Though she had played college basketball at Hood College in Frederick, Francis had never coached basketball before. She’d been with the Blue Devils since 1998, coaching the lacrosse from 1999 through 2004 and field hockey for the last 10 years, winning a combined 118 games. From the moment she accepted the job, she knew she had to educate herself. In Lane’s words, she ‘‘got books that weekend, talked to former coaches, and just went full-throttle.”

Predictably, there were early struggles. The team won just one of their first five games. But they had righted the ship, winning five out of six games for a respectable 6-5 record by the time Riggs was able to return on Jan. 14.

It seemed Francis was just finding her niche at the helm, but she knew from the start that her term was short-lived.
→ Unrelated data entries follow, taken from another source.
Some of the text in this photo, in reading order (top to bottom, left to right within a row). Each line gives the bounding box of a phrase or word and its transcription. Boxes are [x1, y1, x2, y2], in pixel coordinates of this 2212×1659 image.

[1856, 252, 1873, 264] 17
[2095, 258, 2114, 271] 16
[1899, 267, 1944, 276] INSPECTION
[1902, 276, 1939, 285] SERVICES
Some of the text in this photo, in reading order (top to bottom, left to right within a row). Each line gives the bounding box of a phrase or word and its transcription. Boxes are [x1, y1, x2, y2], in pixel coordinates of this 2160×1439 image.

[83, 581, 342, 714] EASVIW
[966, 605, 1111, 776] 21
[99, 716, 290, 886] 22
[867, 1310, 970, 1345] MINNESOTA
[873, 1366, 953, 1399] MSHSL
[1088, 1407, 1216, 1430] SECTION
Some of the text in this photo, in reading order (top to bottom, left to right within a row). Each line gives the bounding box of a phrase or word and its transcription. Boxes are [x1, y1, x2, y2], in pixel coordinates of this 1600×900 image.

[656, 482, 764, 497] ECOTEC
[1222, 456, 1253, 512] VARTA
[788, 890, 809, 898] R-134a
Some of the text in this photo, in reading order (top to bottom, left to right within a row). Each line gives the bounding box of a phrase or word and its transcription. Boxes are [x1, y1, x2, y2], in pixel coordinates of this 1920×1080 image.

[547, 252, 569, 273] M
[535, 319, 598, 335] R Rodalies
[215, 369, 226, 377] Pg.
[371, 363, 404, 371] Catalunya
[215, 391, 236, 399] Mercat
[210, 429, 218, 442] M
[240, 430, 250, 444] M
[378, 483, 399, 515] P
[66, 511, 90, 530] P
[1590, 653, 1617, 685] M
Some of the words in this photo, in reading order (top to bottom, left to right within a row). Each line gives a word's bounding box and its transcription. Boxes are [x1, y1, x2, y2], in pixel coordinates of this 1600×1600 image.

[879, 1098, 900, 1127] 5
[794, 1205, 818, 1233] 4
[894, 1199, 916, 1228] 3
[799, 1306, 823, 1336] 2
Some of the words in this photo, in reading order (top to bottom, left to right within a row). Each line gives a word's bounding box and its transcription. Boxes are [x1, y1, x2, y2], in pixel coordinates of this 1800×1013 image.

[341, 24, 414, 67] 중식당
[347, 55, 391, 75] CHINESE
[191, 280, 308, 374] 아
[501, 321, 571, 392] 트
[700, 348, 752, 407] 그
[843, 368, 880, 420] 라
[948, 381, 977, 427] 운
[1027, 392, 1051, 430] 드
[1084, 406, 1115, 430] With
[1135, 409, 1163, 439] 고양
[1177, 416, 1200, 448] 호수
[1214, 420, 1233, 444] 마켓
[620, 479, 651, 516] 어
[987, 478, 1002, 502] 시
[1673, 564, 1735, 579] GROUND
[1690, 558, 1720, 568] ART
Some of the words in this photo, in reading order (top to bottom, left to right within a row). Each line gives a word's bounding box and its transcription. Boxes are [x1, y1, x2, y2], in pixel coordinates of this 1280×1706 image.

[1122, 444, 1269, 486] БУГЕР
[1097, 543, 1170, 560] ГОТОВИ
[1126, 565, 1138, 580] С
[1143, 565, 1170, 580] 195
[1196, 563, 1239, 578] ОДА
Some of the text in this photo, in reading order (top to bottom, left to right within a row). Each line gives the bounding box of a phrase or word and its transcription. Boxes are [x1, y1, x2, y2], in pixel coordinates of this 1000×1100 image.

‘‘I had a great time, and was just starting to get comfortable my last couple games. ‘‘But when Coach Riggs came back last Monday [Jan. 14], I was so happy to see him back. He and I have incredibly different coaching styles and I didn’t want kind of a situation where it was too many cooks in the kitchen. But I had a lot of fun doing this.”

Riggs had already asked Lane if it was a good idea to come back this season, as he had watched several previous home games from the stands, and appreciated the job Francis had done.

‘‘Oh, she did an unbelievable job, and I didn’t want to ruin a relationship that the girls had gotten with her,” Riggs said.

But it was his team. He had coached almost every girl on the team before, and he knew what to do when he came back. He’ll even show a bit of his old fire. When the girls lost their cool in the first half against Blair this past Friday, just his second game back, he lit into them.

It worked, as they erased an eight-point halftime lead almost instantly, and got their new-old head coach his second win since returning. In his first game back, Jan. 18, the Blue Devils routed Richard Montgomery, 62-40.

Things are getting back to normal for Riggs. He’s been back with his team for over two weeks now. He’s experiencing almost no pain. He’s still working at Springbrook during the school day (he was voted the county’s Supporting Service Worker of the Year in 2006). He’s even getting to coach with his son, Justin, a 2002 Springbrook grad and former Coppin State baseball player who is an assistant for the JV girls.

He’s living life. Not worrying about what might be, or what might have been.

‘‘I don’t want to be one of those guys,” he said. ‘‘It doesn’t matter what you do in life, whenever your time comes, it’s up. So when it is, I’m going to be doing something I love — maybe basketball, or being with my grandkids, doing something I really enjoy doing every day.”